**HOW TO COMPLETE THIS TASK**
Repeat the data exactly as it stands.

**STORED DATA**
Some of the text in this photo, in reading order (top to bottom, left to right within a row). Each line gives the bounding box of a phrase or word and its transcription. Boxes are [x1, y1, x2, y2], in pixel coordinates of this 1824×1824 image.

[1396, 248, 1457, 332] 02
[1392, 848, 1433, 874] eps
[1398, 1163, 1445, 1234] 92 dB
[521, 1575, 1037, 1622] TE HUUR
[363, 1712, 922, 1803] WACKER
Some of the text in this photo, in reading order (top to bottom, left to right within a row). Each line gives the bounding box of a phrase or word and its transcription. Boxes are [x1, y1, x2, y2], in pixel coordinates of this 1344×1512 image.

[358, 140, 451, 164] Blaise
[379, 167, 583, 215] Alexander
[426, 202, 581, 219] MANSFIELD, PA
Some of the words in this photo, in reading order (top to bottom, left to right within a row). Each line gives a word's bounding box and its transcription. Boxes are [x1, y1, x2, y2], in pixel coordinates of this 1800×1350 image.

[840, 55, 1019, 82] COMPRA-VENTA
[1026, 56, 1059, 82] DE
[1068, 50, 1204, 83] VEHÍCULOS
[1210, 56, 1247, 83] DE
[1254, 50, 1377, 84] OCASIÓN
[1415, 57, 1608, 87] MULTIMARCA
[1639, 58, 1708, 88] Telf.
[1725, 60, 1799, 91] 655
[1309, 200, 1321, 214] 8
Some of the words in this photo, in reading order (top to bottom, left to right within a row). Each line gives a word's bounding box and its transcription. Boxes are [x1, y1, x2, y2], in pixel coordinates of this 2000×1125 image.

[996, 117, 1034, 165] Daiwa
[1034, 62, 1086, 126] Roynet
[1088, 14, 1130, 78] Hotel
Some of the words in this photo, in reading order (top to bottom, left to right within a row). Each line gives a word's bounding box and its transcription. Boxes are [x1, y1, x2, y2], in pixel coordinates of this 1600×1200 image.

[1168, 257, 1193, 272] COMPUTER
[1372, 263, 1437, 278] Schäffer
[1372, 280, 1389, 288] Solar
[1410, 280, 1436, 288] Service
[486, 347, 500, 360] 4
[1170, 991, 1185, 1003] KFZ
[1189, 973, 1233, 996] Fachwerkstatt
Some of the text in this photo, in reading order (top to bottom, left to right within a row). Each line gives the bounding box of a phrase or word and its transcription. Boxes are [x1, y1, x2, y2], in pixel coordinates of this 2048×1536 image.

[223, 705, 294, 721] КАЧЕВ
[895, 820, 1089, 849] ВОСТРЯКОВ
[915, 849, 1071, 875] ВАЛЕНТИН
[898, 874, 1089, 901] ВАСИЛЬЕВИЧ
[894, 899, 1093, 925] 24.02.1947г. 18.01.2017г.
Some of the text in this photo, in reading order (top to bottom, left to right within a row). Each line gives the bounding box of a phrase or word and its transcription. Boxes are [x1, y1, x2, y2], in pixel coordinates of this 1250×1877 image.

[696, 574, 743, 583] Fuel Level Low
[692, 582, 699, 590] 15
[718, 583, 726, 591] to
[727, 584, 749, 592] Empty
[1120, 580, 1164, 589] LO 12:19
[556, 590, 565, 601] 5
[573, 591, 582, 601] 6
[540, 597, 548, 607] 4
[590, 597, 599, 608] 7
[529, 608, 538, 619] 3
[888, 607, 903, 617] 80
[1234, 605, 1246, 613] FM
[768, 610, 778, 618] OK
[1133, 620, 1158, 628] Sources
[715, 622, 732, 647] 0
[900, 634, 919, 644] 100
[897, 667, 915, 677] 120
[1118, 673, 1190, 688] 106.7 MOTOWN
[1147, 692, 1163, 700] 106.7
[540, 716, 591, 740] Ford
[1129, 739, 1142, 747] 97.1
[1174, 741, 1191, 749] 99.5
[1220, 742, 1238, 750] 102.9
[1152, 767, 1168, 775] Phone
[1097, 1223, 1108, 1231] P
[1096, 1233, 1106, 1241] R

**THE ANSWER**
Some of the text in this photo, in reading order (top to bottom, left to right within a row). Each line gives the bounding box of a phrase or word and its transcription. Boxes are [x1, y1, x2, y2], in pixel coordinates of this 1824×1824 image.

[1396, 248, 1457, 332] 02
[1392, 848, 1433, 874] eps
[1398, 1163, 1445, 1234] 92 dB
[521, 1575, 1037, 1622] TE HUUR
[363, 1712, 922, 1803] WACKER
Some of the text in this photo, in reading order (top to bottom, left to right within a row). Each line gives the bounding box of a phrase or word and its transcription. Boxes are [x1, y1, x2, y2], in pixel coordinates of this 1344×1512 image.

[358, 140, 451, 164] Blaise
[379, 167, 583, 215] Alexander
[426, 202, 581, 219] MANSFIELD, PA
Some of the words in this photo, in reading order (top to bottom, left to right within a row). Each line gives a word's bounding box and its transcription. Boxes are [x1, y1, x2, y2], in pixel coordinates of this 1800×1350 image.

[840, 55, 1019, 82] COMPRA-VENTA
[1026, 56, 1059, 82] DE
[1068, 50, 1204, 83] VEHÍCULOS
[1210, 56, 1247, 83] DE
[1254, 50, 1377, 84] OCASIÓN
[1415, 57, 1608, 87] MULTIMARCA
[1639, 58, 1708, 88] Telf.
[1725, 60, 1799, 91] 655
[1309, 200, 1321, 214] 8
Some of the words in this photo, in reading order (top to bottom, left to right within a row). Each line gives a word's bounding box and its transcription. Boxes are [x1, y1, x2, y2], in pixel coordinates of this 2000×1125 image.

[996, 117, 1034, 165] Daiwa
[1034, 62, 1086, 126] Roynet
[1088, 14, 1130, 78] Hotel
Some of the words in this photo, in reading order (top to bottom, left to right within a row). Each line gives a word's bounding box and its transcription. Boxes are [x1, y1, x2, y2], in pixel coordinates of this 1600×1200 image.

[1168, 257, 1193, 272] COMPUTER
[1372, 263, 1437, 278] Schäffer
[1372, 280, 1389, 288] Solar
[1410, 280, 1436, 288] Service
[486, 347, 500, 360] 4
[1170, 991, 1185, 1003] KFZ
[1189, 973, 1233, 996] Fachwerkstatt
Some of the text in this photo, in reading order (top to bottom, left to right within a row). Each line gives the bounding box of a phrase or word and its transcription. Boxes are [x1, y1, x2, y2], in pixel coordinates of this 2048×1536 image.

[223, 705, 294, 721] КАЧЕВ
[895, 820, 1089, 849] ВОСТРЯКОВ
[915, 849, 1071, 875] ВАЛЕНТИН
[898, 874, 1089, 901] ВАСИЛЬЕВИЧ
[894, 899, 1093, 925] 24.02.1947г. 18.01.2017г.
Some of the text in this photo, in reading order (top to bottom, left to right within a row). Each line gives the bounding box of a phrase or word and its transcription. Boxes are [x1, y1, x2, y2], in pixel coordinates of this 1250×1877 image.

[696, 574, 743, 583] Fuel Level Low
[692, 582, 699, 590] 15
[718, 583, 726, 591] to
[727, 584, 749, 592] Empty
[1120, 580, 1164, 589] LO 12:19
[556, 590, 565, 601] 5
[573, 591, 582, 601] 6
[540, 597, 548, 607] 4
[590, 597, 599, 608] 7
[529, 608, 538, 619] 3
[888, 607, 903, 617] 80
[1234, 605, 1246, 613] FM
[768, 610, 778, 618] OK
[1133, 620, 1158, 628] Sources
[715, 622, 732, 647] 0
[900, 634, 919, 644] 100
[897, 667, 915, 677] 120
[1118, 673, 1190, 688] 106.7 MOTOWN
[1147, 692, 1163, 700] 106.7
[540, 716, 591, 740] Ford
[1129, 739, 1142, 747] 97.1
[1174, 741, 1191, 749] 99.5
[1220, 742, 1238, 750] 102.9
[1152, 767, 1168, 775] Phone
[1097, 1223, 1108, 1231] P
[1096, 1233, 1106, 1241] R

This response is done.